The 12 patients were aged from 19 to 42 years, and 9 were male, with a total of 15 fractures. The distribution according to the pattern of subcondylar fractures was: eight patients with isolated unilateral subcondylar fracture, two patients with contralateral parasymphyseal fracture, one patient with bilateral subcondylar fracture, and one patient with, unilateral multiple fragment subcondylar fracture.
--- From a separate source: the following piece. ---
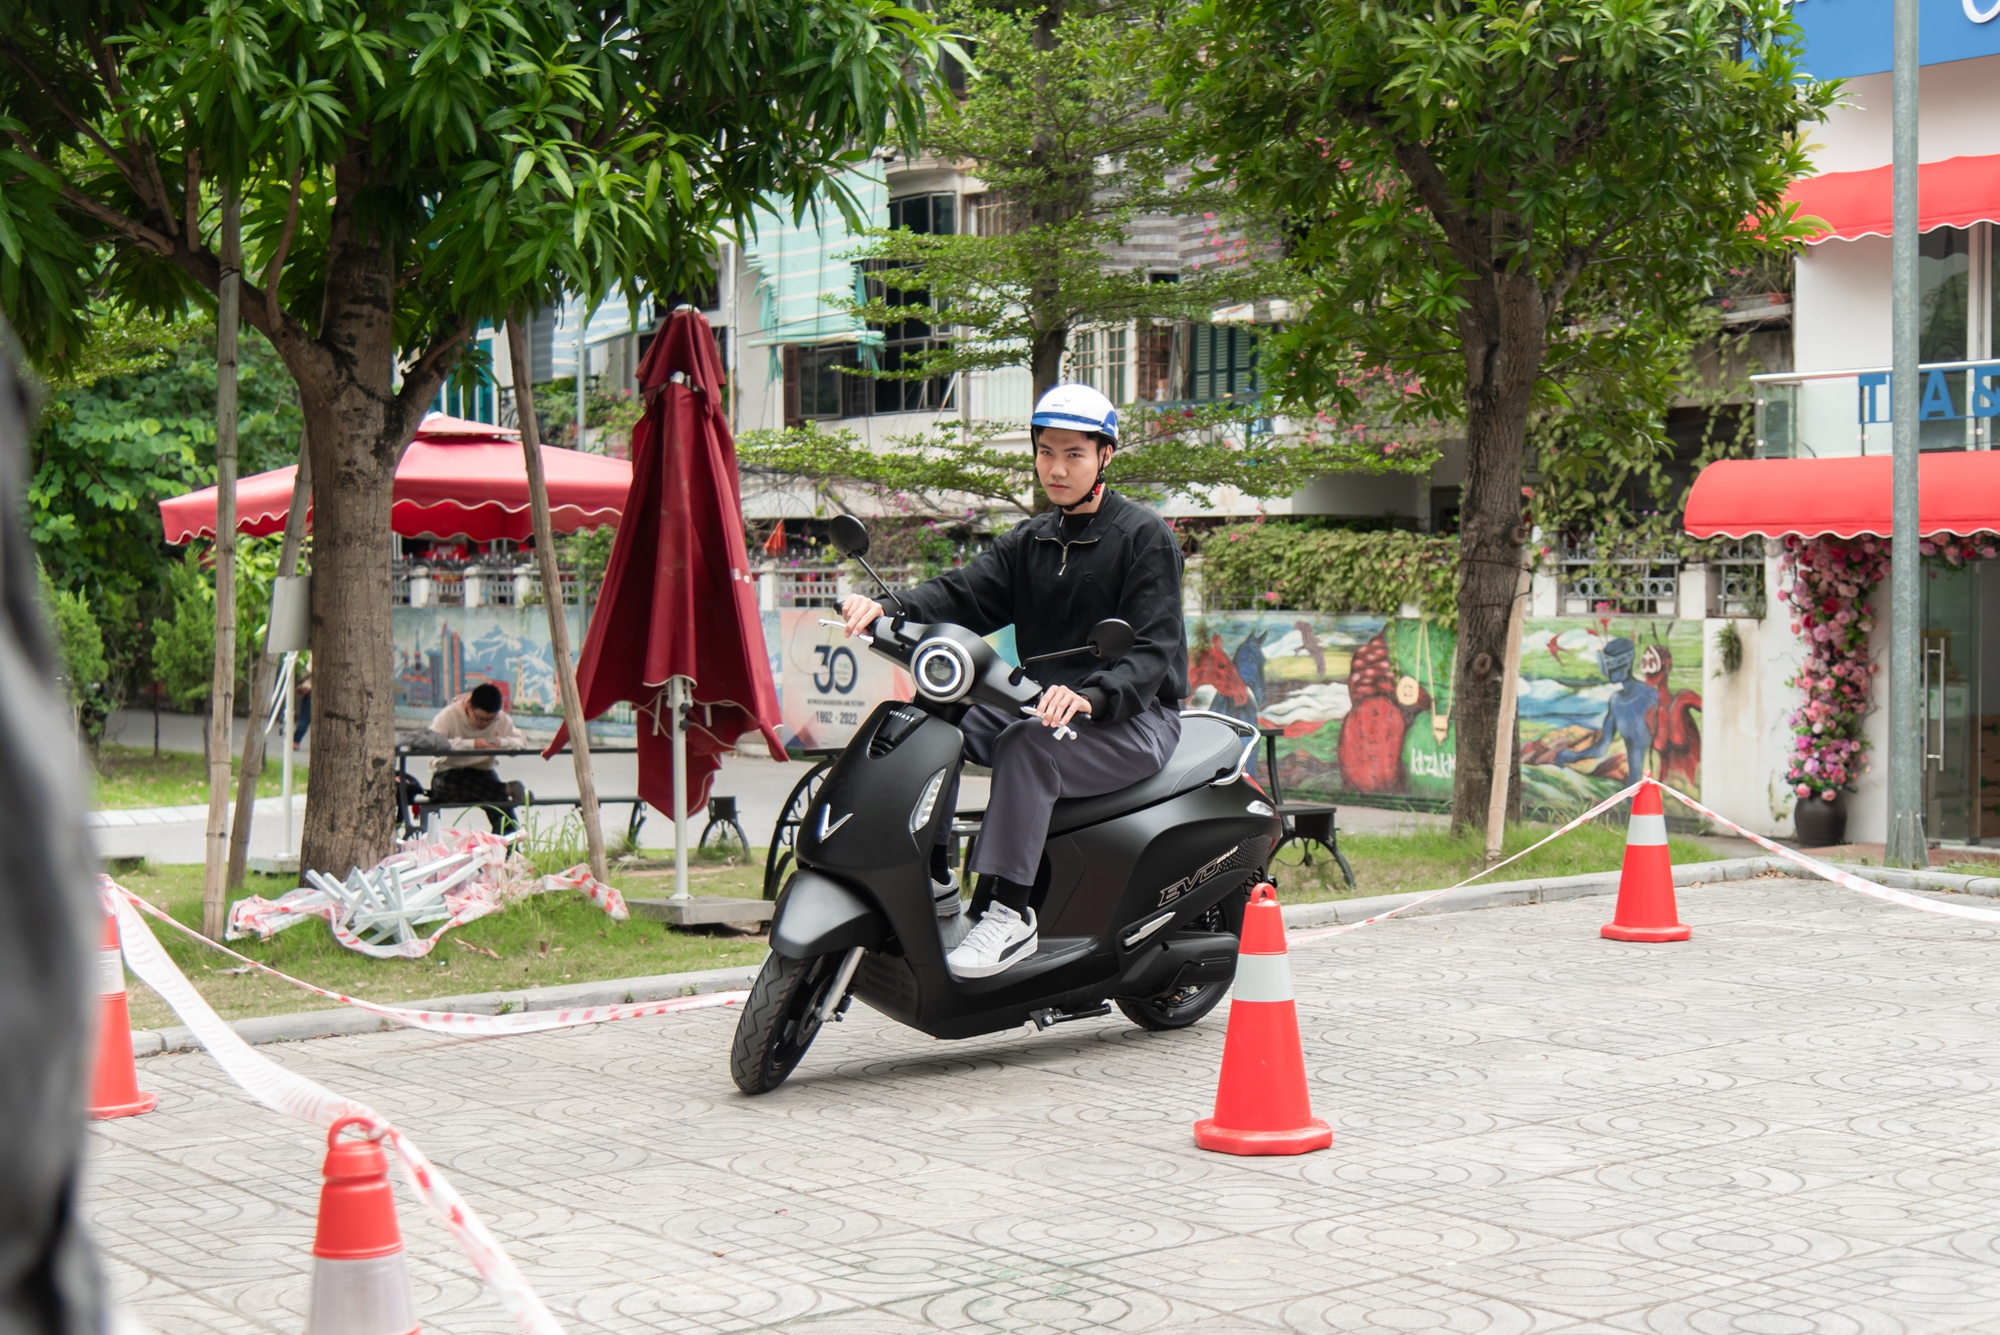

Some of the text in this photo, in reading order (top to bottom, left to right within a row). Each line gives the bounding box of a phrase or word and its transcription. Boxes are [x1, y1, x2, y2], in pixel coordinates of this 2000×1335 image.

[1859, 369, 1955, 423] TA
[814, 645, 858, 695] 30
[816, 711, 833, 724] 1992
[840, 712, 858, 725] 2022
There were no complications due to infection, hematoma, fistula, or seroma in any of the patients. The postoperative maximum interincisal distance was 38–46 mm after 6 months. The postoperative occlusal relationship was well restored in 11 (91.7%) of the patients. One patient with bilateral subcondylar fracture had unsatisfactory dental occlusion with anterior open bite. Transient facial nerve palsy in the region served by the buccal nerve was observed in two patients, which resolved spontaneously within 3 months' postoperatively. There was no permanent facial nerve palsy. Postoperative radiologic examination (CT) showed a successful reduction in the correct anatomic position in 11 (91.7%) patients. One patient with unilateral multiple fragment subcondylar fracture had an incorrect anatomic position which did not require revision surgery. After all operations, functional occlusion and reduction of the condyles were good. The radiologic examinations are given in [Figure 3] and [Figure 4].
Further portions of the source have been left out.